# [Task instructions]
In your copy, reproduce each entry exactly and leave out the pictures.

Saved entries:

·····

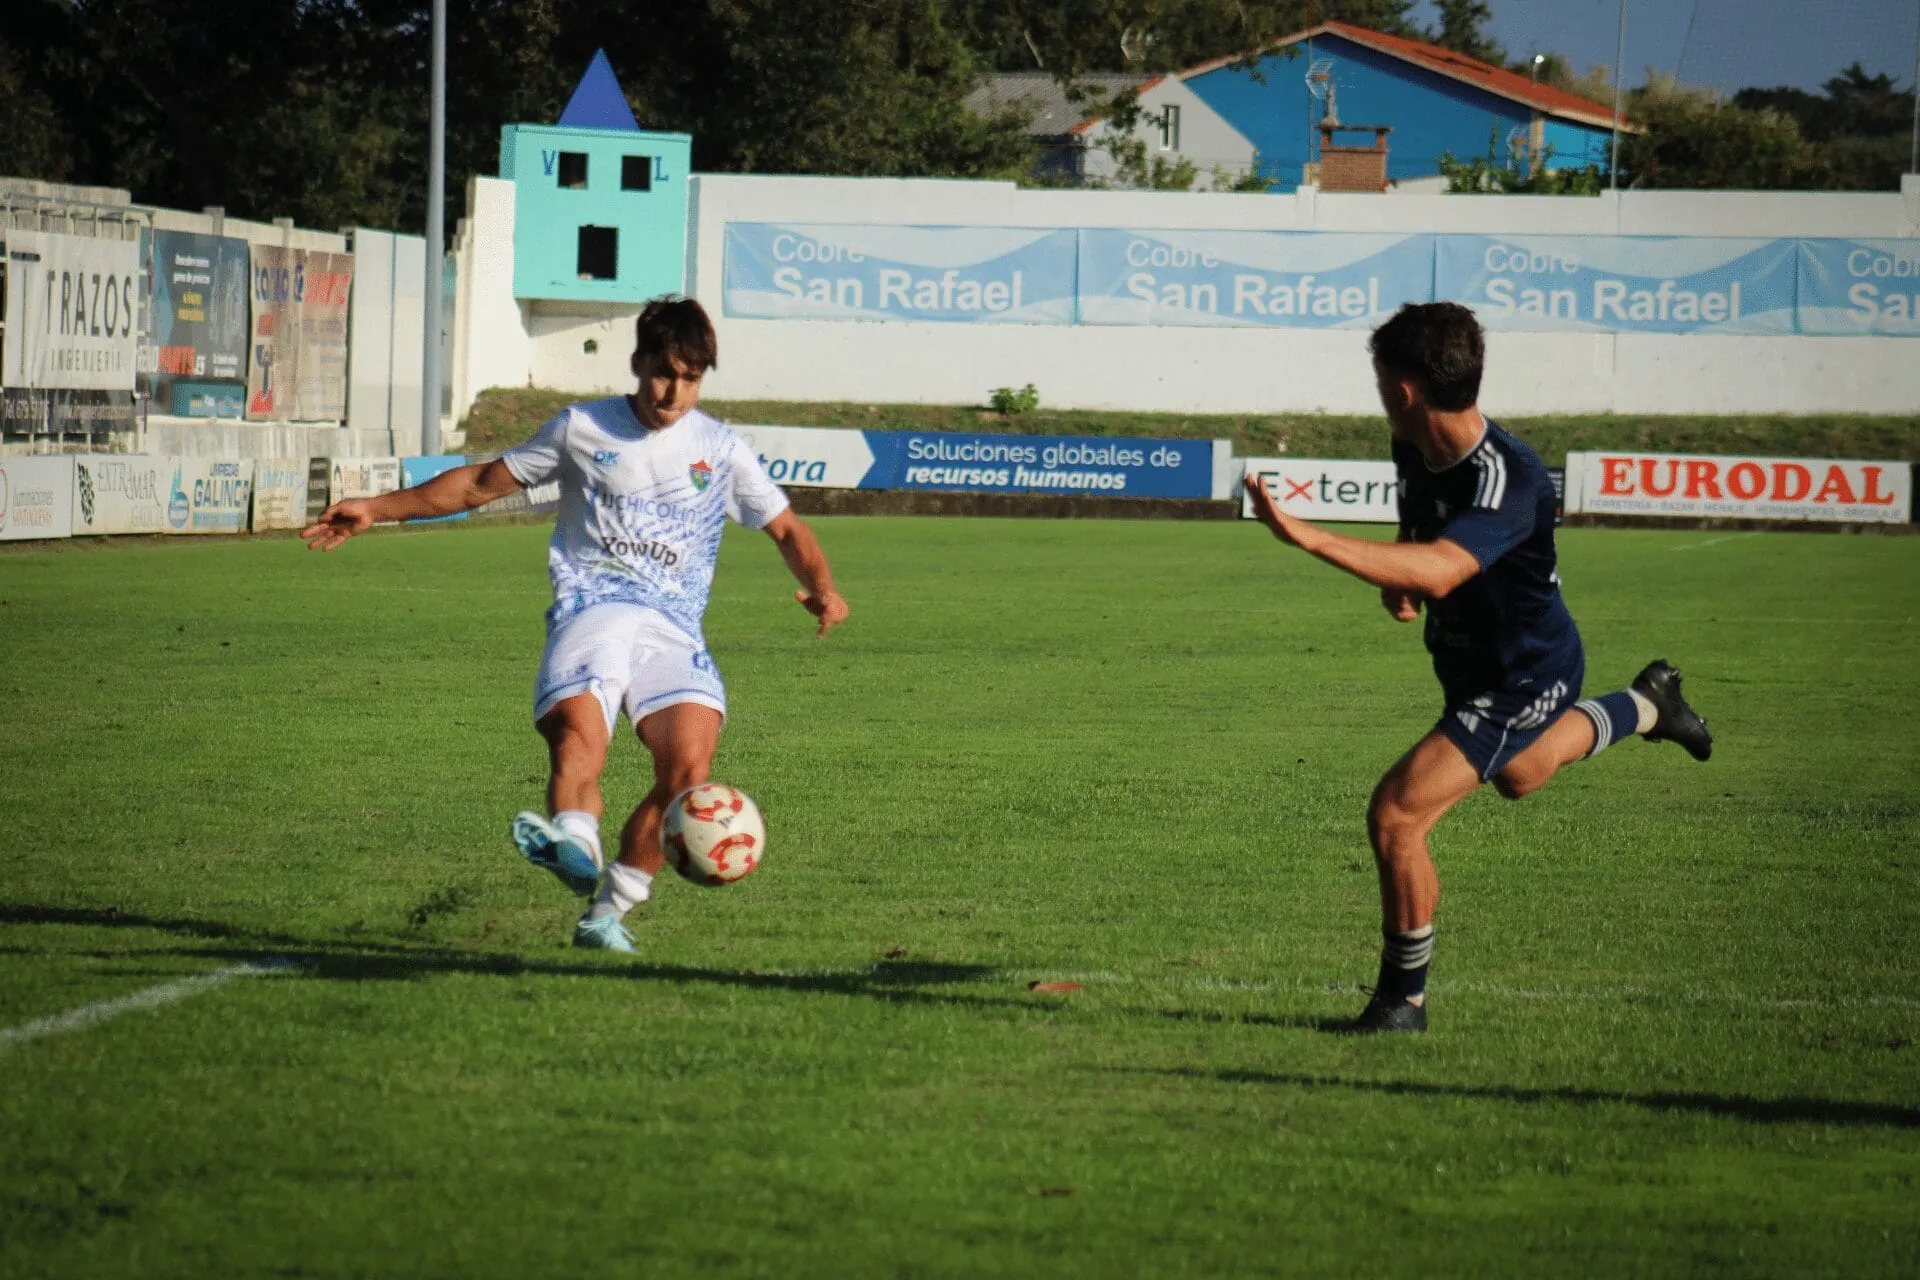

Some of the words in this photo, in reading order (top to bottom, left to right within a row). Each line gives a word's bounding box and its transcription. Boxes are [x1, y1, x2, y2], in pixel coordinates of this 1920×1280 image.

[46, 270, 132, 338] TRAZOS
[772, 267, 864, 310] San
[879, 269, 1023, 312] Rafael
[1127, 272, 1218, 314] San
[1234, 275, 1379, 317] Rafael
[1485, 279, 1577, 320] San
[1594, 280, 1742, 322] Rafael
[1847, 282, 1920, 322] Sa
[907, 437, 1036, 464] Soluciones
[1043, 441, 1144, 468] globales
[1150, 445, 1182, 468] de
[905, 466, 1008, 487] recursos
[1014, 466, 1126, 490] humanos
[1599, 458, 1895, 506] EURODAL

·····

# [Solution to the exercise]
Some of the words in this photo, in reading order (top to bottom, left to right within a row). Each line gives a word's bounding box and its transcription. Boxes are [x1, y1, x2, y2], in pixel coordinates of this 1920×1280 image.

[46, 270, 132, 338] TRAZOS
[772, 267, 864, 310] San
[879, 269, 1023, 312] Rafael
[1127, 272, 1218, 314] San
[1234, 275, 1379, 317] Rafael
[1485, 279, 1577, 320] San
[1594, 280, 1742, 322] Rafael
[1847, 282, 1920, 322] Sa
[907, 437, 1036, 464] Soluciones
[1043, 441, 1144, 468] globales
[1150, 445, 1182, 468] de
[905, 466, 1008, 487] recursos
[1014, 466, 1126, 490] humanos
[1599, 458, 1895, 506] EURODAL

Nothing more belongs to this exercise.